**WHAT THE TASK REQUIRES:** Every entry has to be output exactly, with none skipped.
RECORD EXCERPTS Block Start
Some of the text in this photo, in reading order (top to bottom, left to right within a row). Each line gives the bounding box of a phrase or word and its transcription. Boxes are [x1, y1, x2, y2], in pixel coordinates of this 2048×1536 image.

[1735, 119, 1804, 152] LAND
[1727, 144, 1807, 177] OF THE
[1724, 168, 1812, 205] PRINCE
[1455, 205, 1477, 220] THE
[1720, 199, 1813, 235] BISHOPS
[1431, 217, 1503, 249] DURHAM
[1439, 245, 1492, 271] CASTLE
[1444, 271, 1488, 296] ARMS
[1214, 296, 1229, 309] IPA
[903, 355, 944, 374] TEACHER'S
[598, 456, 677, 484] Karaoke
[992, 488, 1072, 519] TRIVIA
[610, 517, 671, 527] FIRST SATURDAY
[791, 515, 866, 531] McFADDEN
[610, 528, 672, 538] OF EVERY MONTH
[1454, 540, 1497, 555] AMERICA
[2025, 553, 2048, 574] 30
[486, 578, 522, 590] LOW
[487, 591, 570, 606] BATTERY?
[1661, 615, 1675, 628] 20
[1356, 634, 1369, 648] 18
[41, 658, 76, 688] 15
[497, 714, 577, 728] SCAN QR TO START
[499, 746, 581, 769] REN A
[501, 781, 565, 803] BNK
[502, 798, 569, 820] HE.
RECORD EXCERPTS Block End
**ANSWER:**
Some of the text in this photo, in reading order (top to bottom, left to right within a row). Each line gives the bounding box of a phrase or word and its transcription. Boxes are [x1, y1, x2, y2], in pixel coordinates of this 2048×1536 image.

[1735, 119, 1804, 152] LAND
[1727, 144, 1807, 177] OF THE
[1724, 168, 1812, 205] PRINCE
[1455, 205, 1477, 220] THE
[1720, 199, 1813, 235] BISHOPS
[1431, 217, 1503, 249] DURHAM
[1439, 245, 1492, 271] CASTLE
[1444, 271, 1488, 296] ARMS
[1214, 296, 1229, 309] IPA
[903, 355, 944, 374] TEACHER'S
[598, 456, 677, 484] Karaoke
[992, 488, 1072, 519] TRIVIA
[610, 517, 671, 527] FIRST SATURDAY
[791, 515, 866, 531] McFADDEN
[610, 528, 672, 538] OF EVERY MONTH
[1454, 540, 1497, 555] AMERICA
[2025, 553, 2048, 574] 30
[486, 578, 522, 590] LOW
[487, 591, 570, 606] BATTERY?
[1661, 615, 1675, 628] 20
[1356, 634, 1369, 648] 18
[41, 658, 76, 688] 15
[497, 714, 577, 728] SCAN QR TO START
[499, 746, 581, 769] REN A
[501, 781, 565, 803] BNK
[502, 798, 569, 820] HE.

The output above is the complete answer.